**TASK STATEMENT**
Could you return every record below without changing a word?

(Collected data)
━━━━
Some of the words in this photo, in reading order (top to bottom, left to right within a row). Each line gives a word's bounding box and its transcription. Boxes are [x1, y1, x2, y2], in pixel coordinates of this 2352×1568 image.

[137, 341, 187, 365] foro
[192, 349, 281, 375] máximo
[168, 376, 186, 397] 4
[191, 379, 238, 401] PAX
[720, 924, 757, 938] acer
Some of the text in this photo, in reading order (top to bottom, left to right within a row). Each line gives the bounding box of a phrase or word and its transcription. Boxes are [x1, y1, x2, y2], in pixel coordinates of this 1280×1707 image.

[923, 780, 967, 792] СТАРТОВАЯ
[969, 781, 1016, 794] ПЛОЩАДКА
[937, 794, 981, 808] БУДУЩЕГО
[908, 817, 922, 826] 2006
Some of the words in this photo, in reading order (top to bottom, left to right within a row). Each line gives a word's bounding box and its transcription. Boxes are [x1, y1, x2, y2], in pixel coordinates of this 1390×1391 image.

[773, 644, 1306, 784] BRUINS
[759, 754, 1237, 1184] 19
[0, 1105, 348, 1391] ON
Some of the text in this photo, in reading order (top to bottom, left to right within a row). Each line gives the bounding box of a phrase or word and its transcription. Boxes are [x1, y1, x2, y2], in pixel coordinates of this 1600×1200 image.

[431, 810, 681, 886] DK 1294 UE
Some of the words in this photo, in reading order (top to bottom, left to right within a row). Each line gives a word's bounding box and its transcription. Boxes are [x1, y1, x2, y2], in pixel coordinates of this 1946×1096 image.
━━━━
**TASK ANSWER**
Some of the words in this photo, in reading order (top to bottom, left to right within a row). Each line gives a word's bounding box and its transcription. Boxes are [x1, y1, x2, y2], in pixel coordinates of this 2352×1568 image.

[137, 341, 187, 365] foro
[192, 349, 281, 375] máximo
[168, 376, 186, 397] 4
[191, 379, 238, 401] PAX
[720, 924, 757, 938] acer
Some of the text in this photo, in reading order (top to bottom, left to right within a row). Each line gives the bounding box of a phrase or word and its transcription. Boxes are [x1, y1, x2, y2], in pixel coordinates of this 1280×1707 image.

[923, 780, 967, 792] СТАРТОВАЯ
[969, 781, 1016, 794] ПЛОЩАДКА
[937, 794, 981, 808] БУДУЩЕГО
[908, 817, 922, 826] 2006
Some of the words in this photo, in reading order (top to bottom, left to right within a row). Each line gives a word's bounding box and its transcription. Boxes are [x1, y1, x2, y2], in pixel coordinates of this 1390×1391 image.

[773, 644, 1306, 784] BRUINS
[759, 754, 1237, 1184] 19
[0, 1105, 348, 1391] ON
Some of the text in this photo, in reading order (top to bottom, left to right within a row). Each line gives the bounding box of a phrase or word and its transcription. Boxes are [x1, y1, x2, y2], in pixel coordinates of this 1600×1200 image.

[431, 810, 681, 886] DK 1294 UE
Some of the words in this photo, in reading order (top to bottom, left to right within a row). Each line gives a word's bounding box and its transcription. Boxes are [x1, y1, x2, y2], in pixel coordinates of this 1946×1096 image.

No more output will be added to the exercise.